The NFL Draft kicks off in just over 72 hours, meaning there are several top-flight prospects hyped as can't miss athletes who'll make an immediate impact.
Mike Williams was in their shoes exactly one year ago.
The Clemson wide receiver was regarded as the top player at his position, and one that would be able to help his team out right away. He was a consensus top 10 pick, and ended up going seventh overall to the Los Angeles Chargers.
Unfortunately, as most know, he tweaked his back less than two weeks later during the first day of rookie mini camp. Williams missed the rest of the offseason program as well as training camp before he was cleared to practice once the regular season began. He was thrown into the fire, and it all added up to equal a lost season for the talented wideout.
Now, Williams is warning his doubters not to label him a bust.
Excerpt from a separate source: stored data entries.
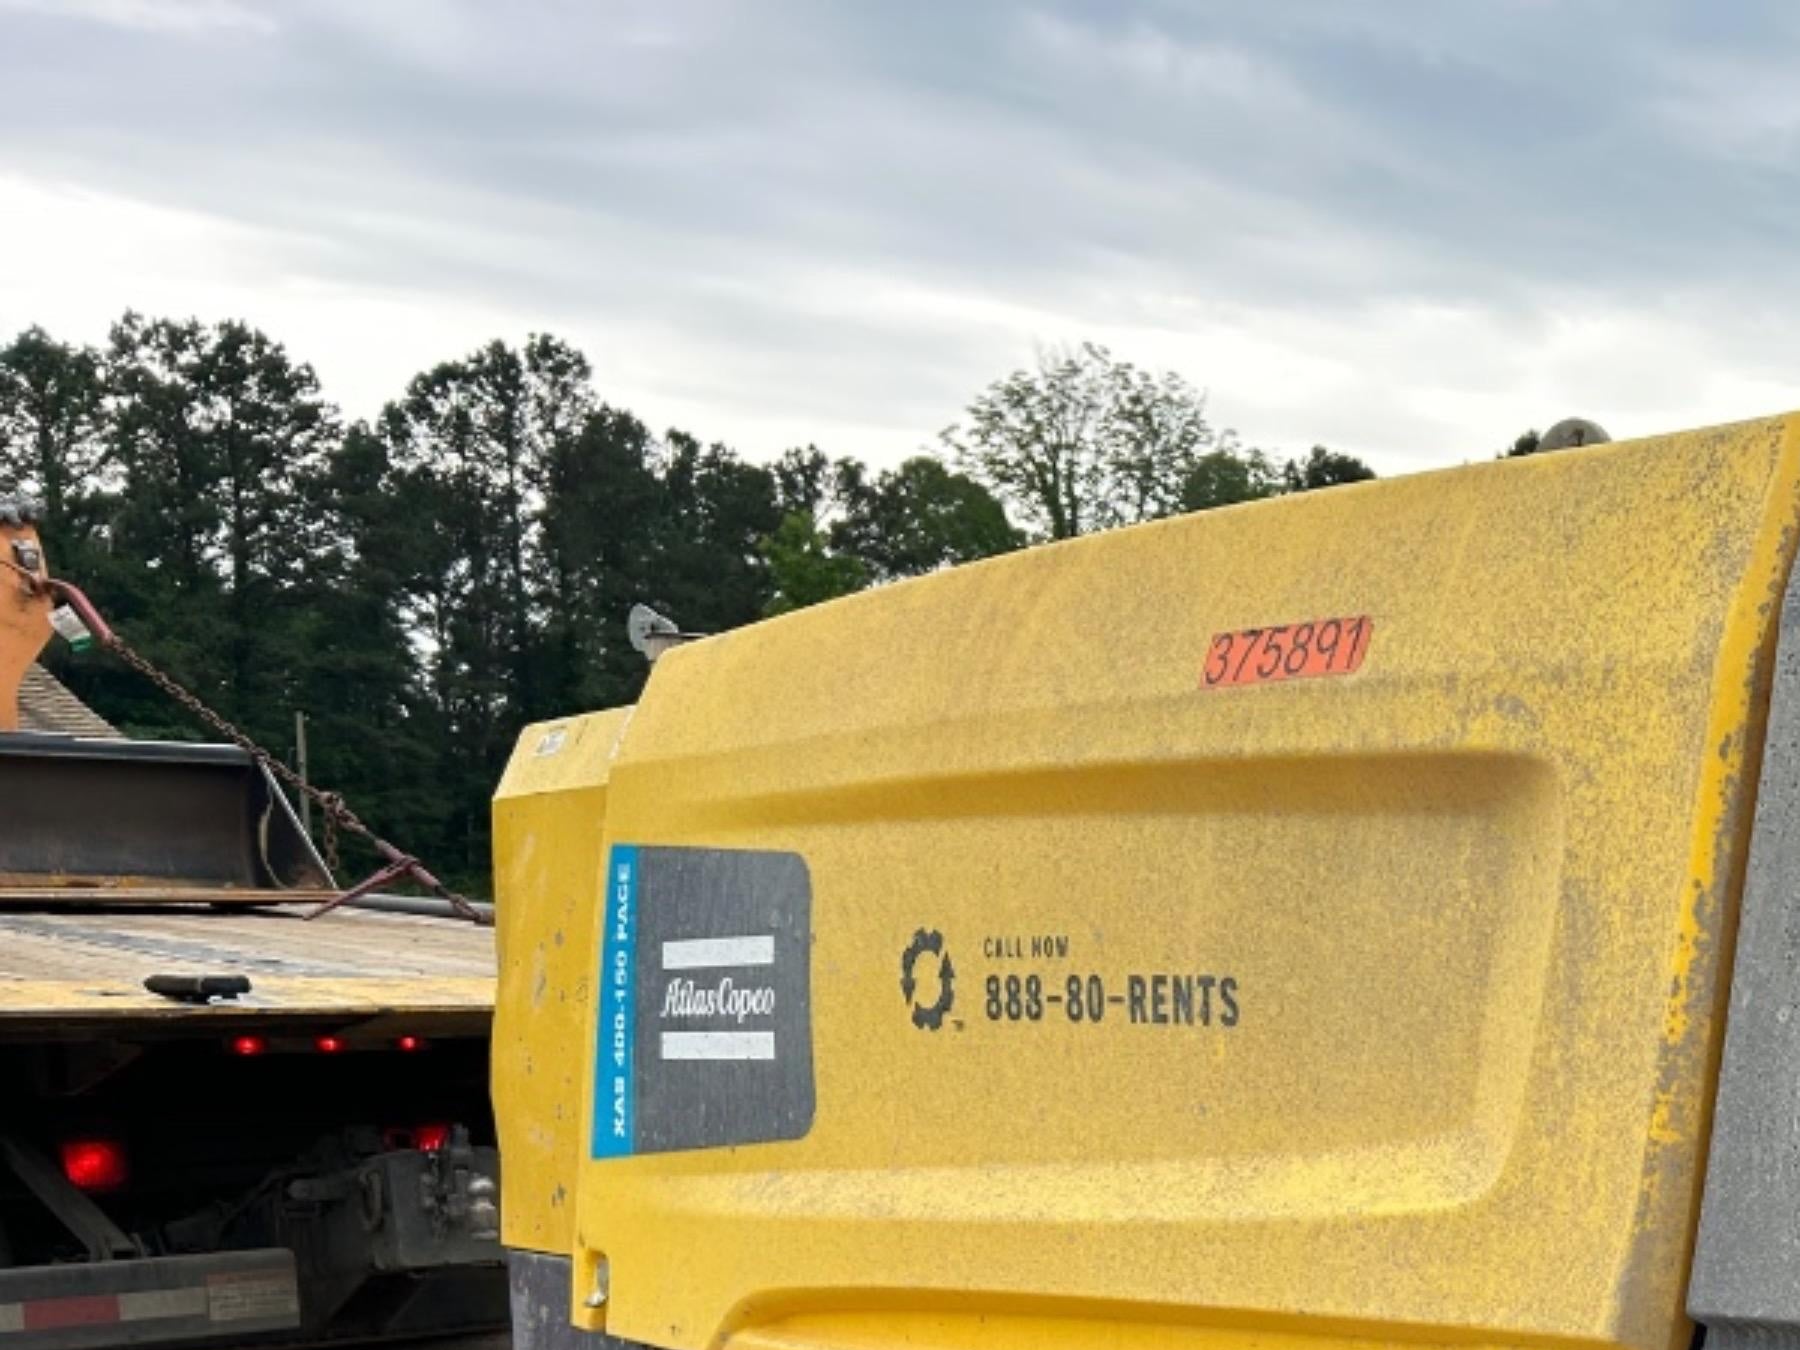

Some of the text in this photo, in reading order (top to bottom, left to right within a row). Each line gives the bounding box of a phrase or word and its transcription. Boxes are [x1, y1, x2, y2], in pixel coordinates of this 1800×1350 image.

[1205, 615, 1366, 684] 375891
[983, 936, 1069, 959] CALL NOW
[985, 973, 1240, 1028] 888-80-RENTS
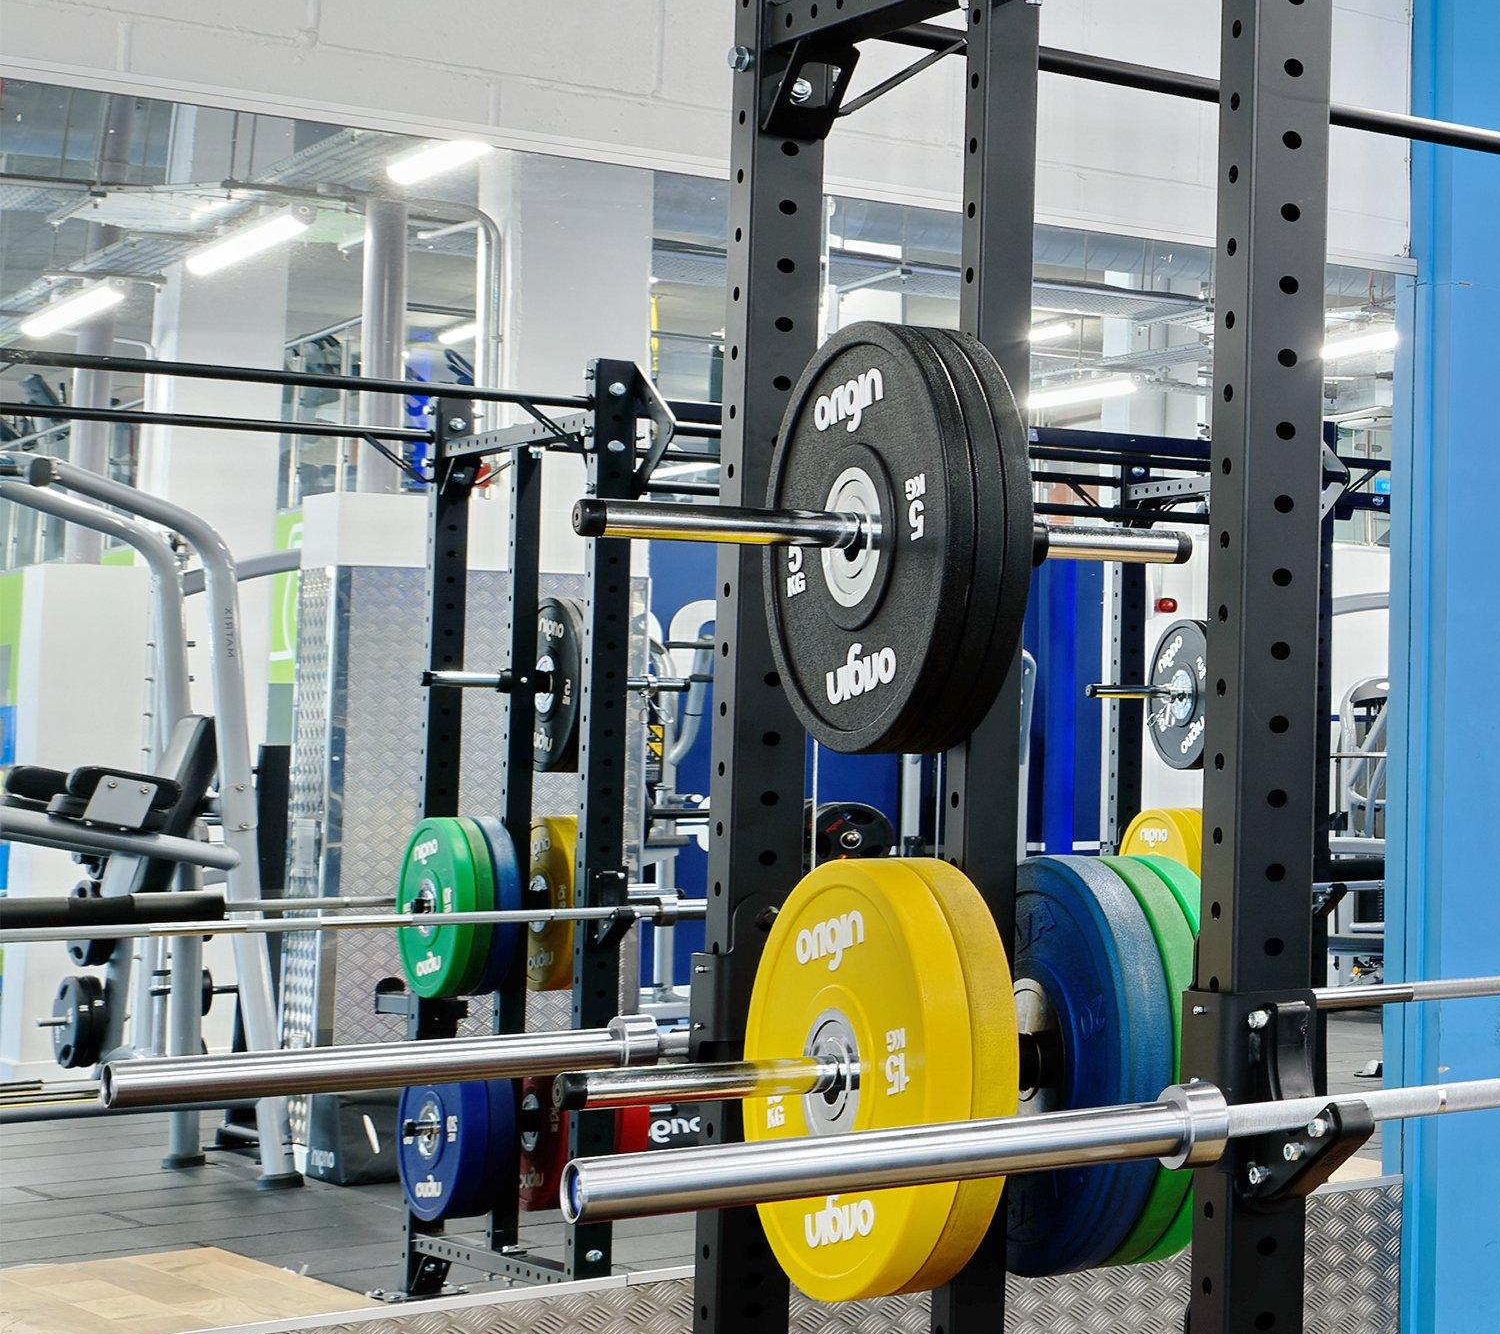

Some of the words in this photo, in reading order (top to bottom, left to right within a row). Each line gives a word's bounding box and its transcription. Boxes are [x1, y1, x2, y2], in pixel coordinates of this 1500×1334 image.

[814, 368, 884, 433] origin
[904, 473, 925, 499] KG
[908, 502, 925, 541] 5
[786, 573, 806, 597] KG
[826, 644, 897, 706] origin
[795, 910, 864, 971] origin
[886, 1027, 906, 1053] KG
[886, 1054, 908, 1095] 15
[767, 1105, 786, 1129] KG
[804, 1194, 874, 1249] origin
He admits he's heard people throw that term around after catching just 11 passes for 95 yards in 10 games.
However, careers aren't made after just one season.
Rookie years can often be rocky.
Remember, Melvin Gordon did not find the end zone once as a rookie before becoming one of the game's most prolific touchdown machines. In fact, the last three Chargers chosen in the first round prior to Williams (Jason Verrett, Melvin Gordon, Joey Bosa) all missed at least a quarter of their rookie campaigns, but bounced back the following season to make the Pro Bowl in year two.
He isn't making any guarantees, but he's excited to finally show the fans the real Mike Williams.
"I'm excited about this year to not only prove to everybody else, but prove to myself that I know who I am and what I can be," he explained. "I'm real confident in my abilities. I wasn't capable of doing what I can do last year because of the injury. This offseason, I feel 100%. I'm ready to go out there and dominate. Everyone faces adversity. It shows what kind of player you are when you can bounce back from adversity. I'm looking to redeem myself and show everyone what I'm capable of doing."
While he may not have realized it at the time, the wideout said the lingering effect of the injury limited him more than he thought.
Right now, Williams feels like a whole new person.
Not totally new though.
More like his old self.
"It's totally different right now," he said. "My body feels a lot different. I'm excited to keep getting out there with my teammates and with Philip (Rivers). We want to get that connection down. Last year, I was able to go out there and play, but I wasn't the Mike Williams I am used to being. I was limited in doing what I can do, and especially limited in what I do best, which is go up and get the ball. My back limited me from doing those types of things. Now my back is right, I'm healthy and feeling great. I'm ready to go out there and show everyone they've got a great player."
Head Coach Anthony Lynn is one of many at Hoag Performance Center eager to see a healthy Williams in action.
"That's huge," he said. "I feel like we have (another) first-round pick (with) Mike coming back this year. Because of his injury, he wasn't able to do much last year. You look at Forrest (Lamp), you look at Mike — those two guys I think are going to help our football team that we didn't have last year."
If anyone can come back from an injury-plagued season, it's the 23-year old Williams.
After all, he has a proven track record.
Following a breakout freshman season at Clemson, Williams fractured his neck in the season opener his sophomore year, missing the rest of the 2015 campaign. While some questioned if he'd ever be the same, he bounced back to help the Tigers win the national title by hauling in 84 passes for 1,171 yards and 10 TDs in 2016.
"I've been through this type of situation before, so I know what it takes. I've got to put my head down and go to work. This is a fresh start. I wasn't able to do what I was capable of doing last year. I feel like I have a fresh start this year, so I'm going to go out there and ball out."